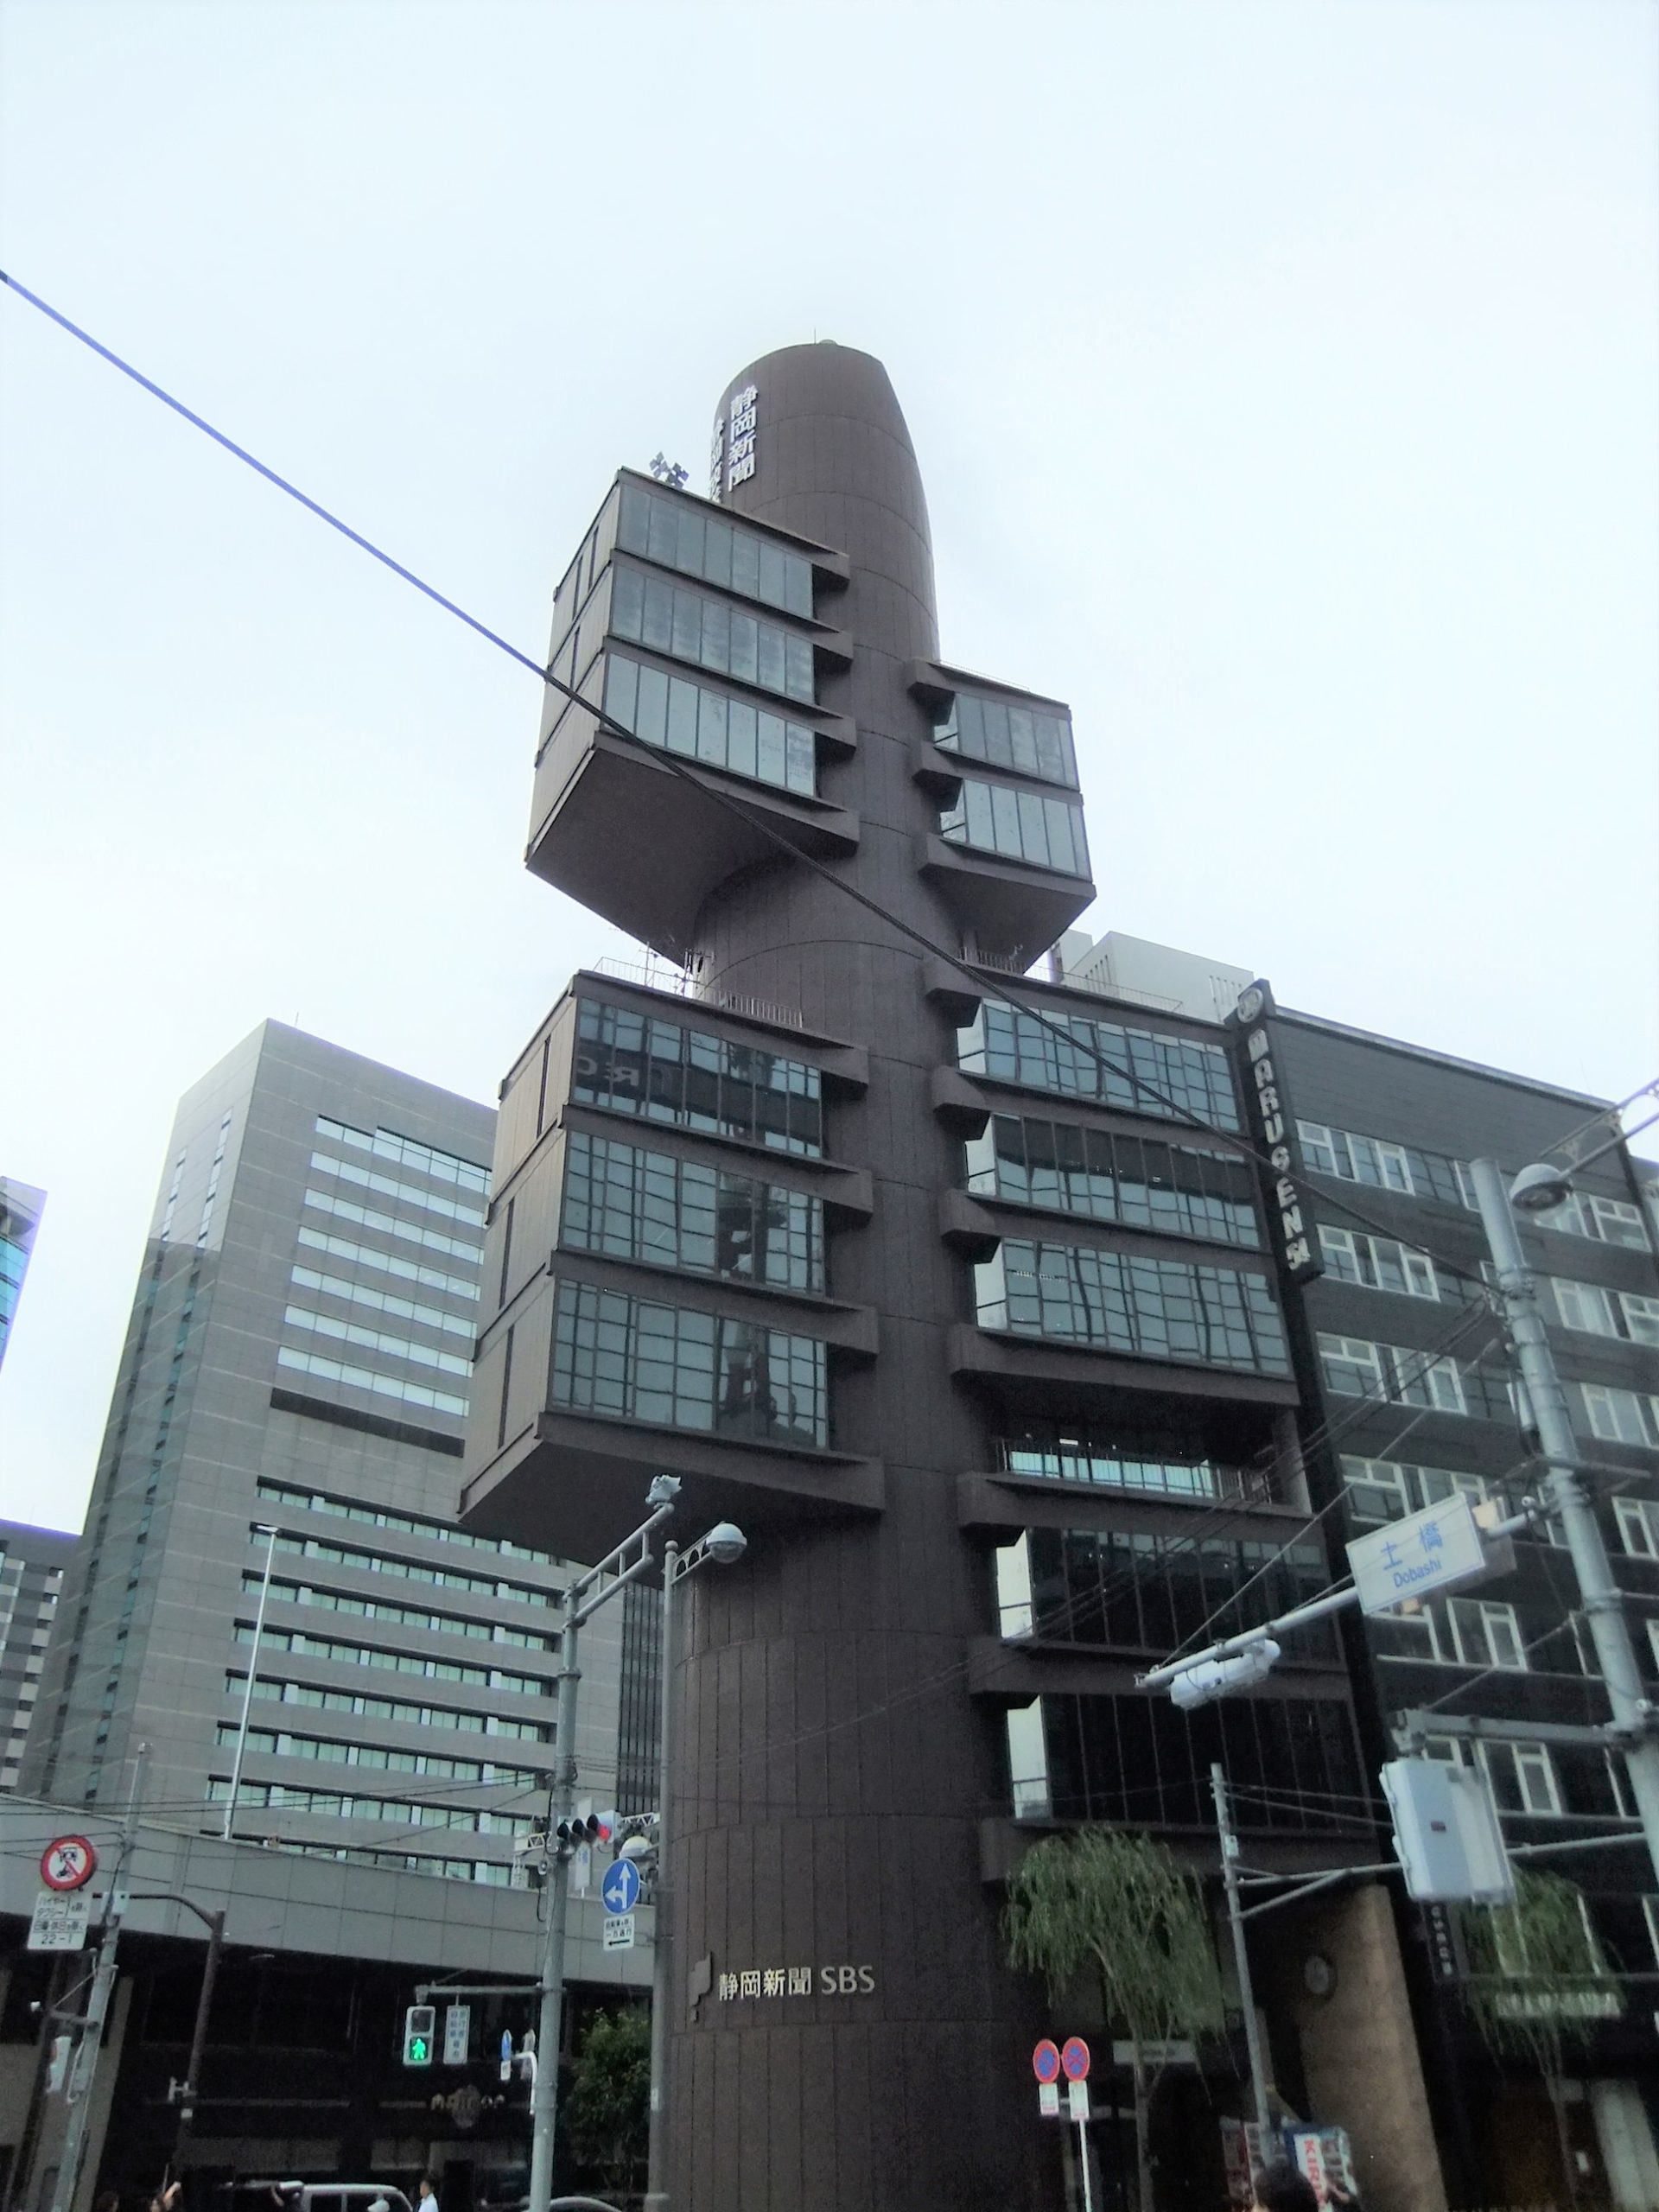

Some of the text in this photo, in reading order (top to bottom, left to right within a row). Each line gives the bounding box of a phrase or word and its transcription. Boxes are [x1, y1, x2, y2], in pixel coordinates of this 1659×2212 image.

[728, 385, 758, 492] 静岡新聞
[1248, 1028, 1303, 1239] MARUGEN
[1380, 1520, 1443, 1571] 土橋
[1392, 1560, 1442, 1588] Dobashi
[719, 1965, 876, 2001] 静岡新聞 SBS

• • • •

◆ EXERCISE AIM: Pictures are to be left out. Otherwise, copy the material above exactly.

◆ THE COMPLETED TASK:
Some of the text in this photo, in reading order (top to bottom, left to right within a row). Each line gives the bounding box of a phrase or word and its transcription. Boxes are [x1, y1, x2, y2], in pixel coordinates of this 1659×2212 image.

[728, 385, 758, 492] 静岡新聞
[1248, 1028, 1303, 1239] MARUGEN
[1380, 1520, 1443, 1571] 土橋
[1392, 1560, 1442, 1588] Dobashi
[719, 1965, 876, 2001] 静岡新聞 SBS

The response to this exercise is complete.